> Thanks cladking
> I will definitely check that out!
> For readers raised in the US, may want to
> substitute the word "ruler" where it says
> "straightedge" above, unless your fifth grade
> teacher insisted on your calling it a
> straightedge, as mine did. Even so, I had to
> re-read the sentences before I figure out what I
> was supposed to hold out at arm's length! I
> couldn't figure out how to hold out the large body
> of water at arm's length, until I realized the
> straight edge was a ruler, not a description of
> the water! (This is probably only a problem for
> speakers of American English!)
Lol! I had the same problem, reading Cladking’s post, until I read your explanation, David. I’d never heard the term ‘straightedge’ for a ruler, and like you, didn’t understand what was to be held out at arm’s length!
Anyway, Cladking, if you read this, I don’t think you could see the curvature quite so easily.
Here’s an illustration I took from a Facebook discussion of flat earth, showing the curvature of the earth over an extent of 100 miles:
The curvature is barely perceptible at that extent, not to mention the much shorter distance of 40 miles or even 6.6 miles. Pilots don't report seeing it until they're between 50,000 - 60,000 feet up.
I think we tend to forget just how huge the earth is in comparison with the size of a human being. We’re no bigger in relation to earth than a sub-atomic particle would be in relation to the surface of one of those large coloured balls people use at the gym.
If we were to stand on a flat field, or sit in a boat out at sea with no land in sight, the plane of which we were the centre point would be, to all intents and purposes, a horizontal one, not one curving away from us at the edges. We could never perceive the sort of curvature we would see if we were standing, say, on a hypothetical ball about 100 feet in diameter.
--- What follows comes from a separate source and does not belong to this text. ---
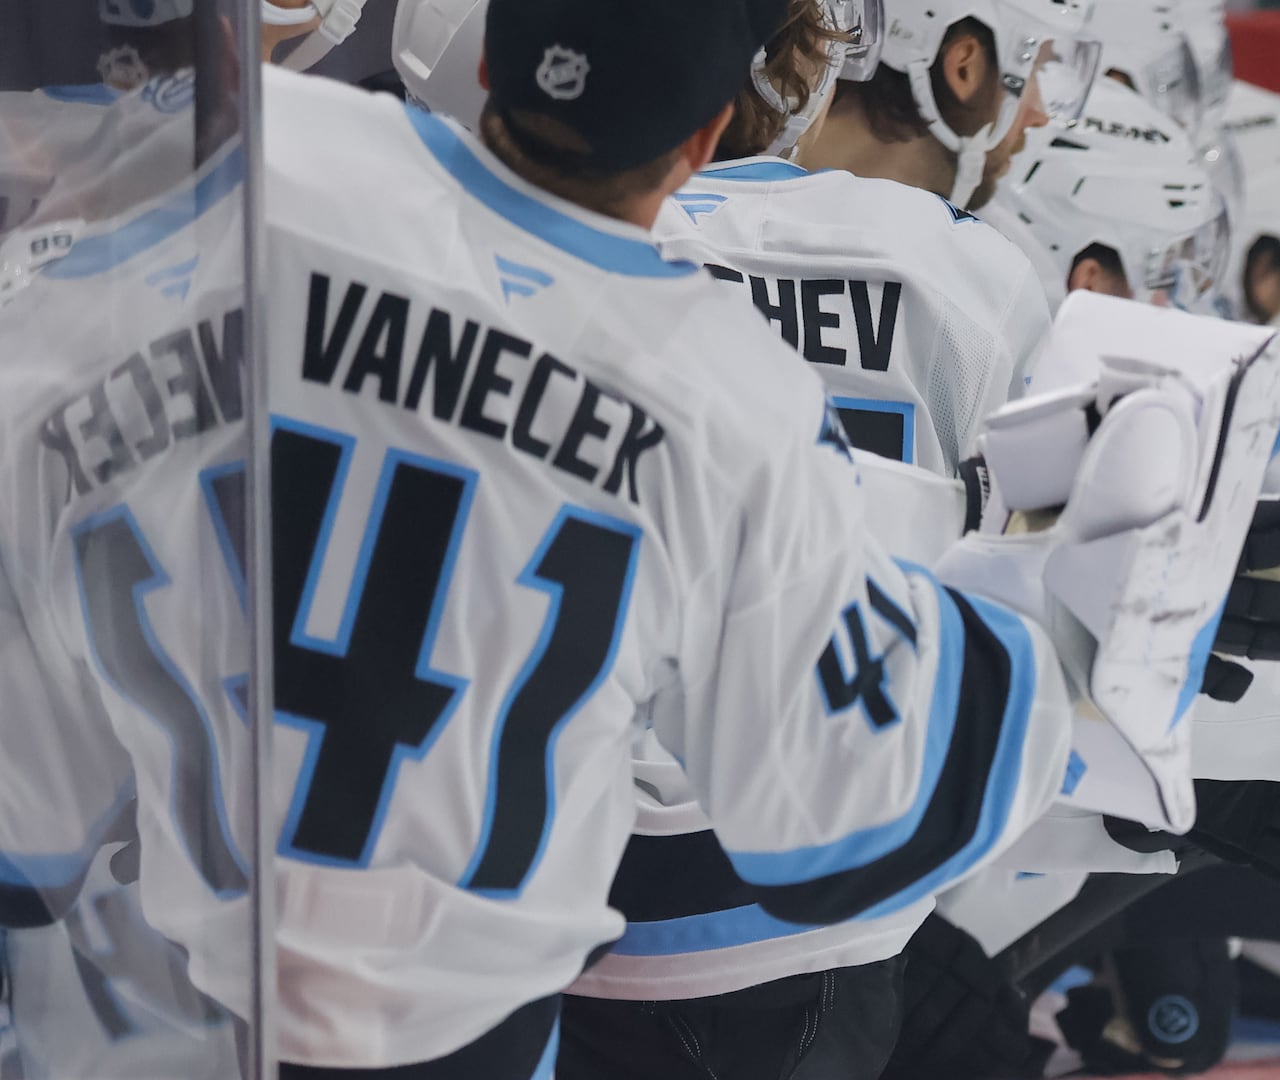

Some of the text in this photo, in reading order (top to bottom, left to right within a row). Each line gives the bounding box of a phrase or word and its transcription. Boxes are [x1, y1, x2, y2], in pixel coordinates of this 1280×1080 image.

[301, 271, 665, 504] VANECEK
[703, 262, 902, 372] HEV
[270, 413, 642, 901] 41
What we can see, however, is the effect of the curvature, if we were looking at a ship sailing towards the horizon. If we used a telephoto lens, we'd see it disappear hull first over the bulge of the curve, like this:
It’s the huge size of the earth in comparison to the size of a human being that causes a lot of the flat earthers to argue that the earth is flat. They don’t realize that the curve is so gradual that it’s imperceptible over even quite large distances. Hope this helps!
Edited 1 time(s). Last edit at 20-Mar-16 17:16 by carolb.